**The problem**
Copy the data precisely, keeping every character.

------ Records ------

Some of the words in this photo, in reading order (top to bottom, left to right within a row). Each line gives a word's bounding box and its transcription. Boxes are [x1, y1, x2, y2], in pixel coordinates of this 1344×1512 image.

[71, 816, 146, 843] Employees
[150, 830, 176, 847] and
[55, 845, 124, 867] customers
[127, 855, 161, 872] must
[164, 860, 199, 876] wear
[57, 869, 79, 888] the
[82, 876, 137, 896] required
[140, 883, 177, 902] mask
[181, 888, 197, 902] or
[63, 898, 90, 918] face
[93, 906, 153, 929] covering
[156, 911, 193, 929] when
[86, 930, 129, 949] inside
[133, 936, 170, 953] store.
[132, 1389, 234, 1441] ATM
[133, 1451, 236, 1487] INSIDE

------

**Task response**
Some of the words in this photo, in reading order (top to bottom, left to right within a row). Each line gives a word's bounding box and its transcription. Boxes are [x1, y1, x2, y2], in pixel coordinates of this 1344×1512 image.

[71, 816, 146, 843] Employees
[150, 830, 176, 847] and
[55, 845, 124, 867] customers
[127, 855, 161, 872] must
[164, 860, 199, 876] wear
[57, 869, 79, 888] the
[82, 876, 137, 896] required
[140, 883, 177, 902] mask
[181, 888, 197, 902] or
[63, 898, 90, 918] face
[93, 906, 153, 929] covering
[156, 911, 193, 929] when
[86, 930, 129, 949] inside
[133, 936, 170, 953] store.
[132, 1389, 234, 1441] ATM
[133, 1451, 236, 1487] INSIDE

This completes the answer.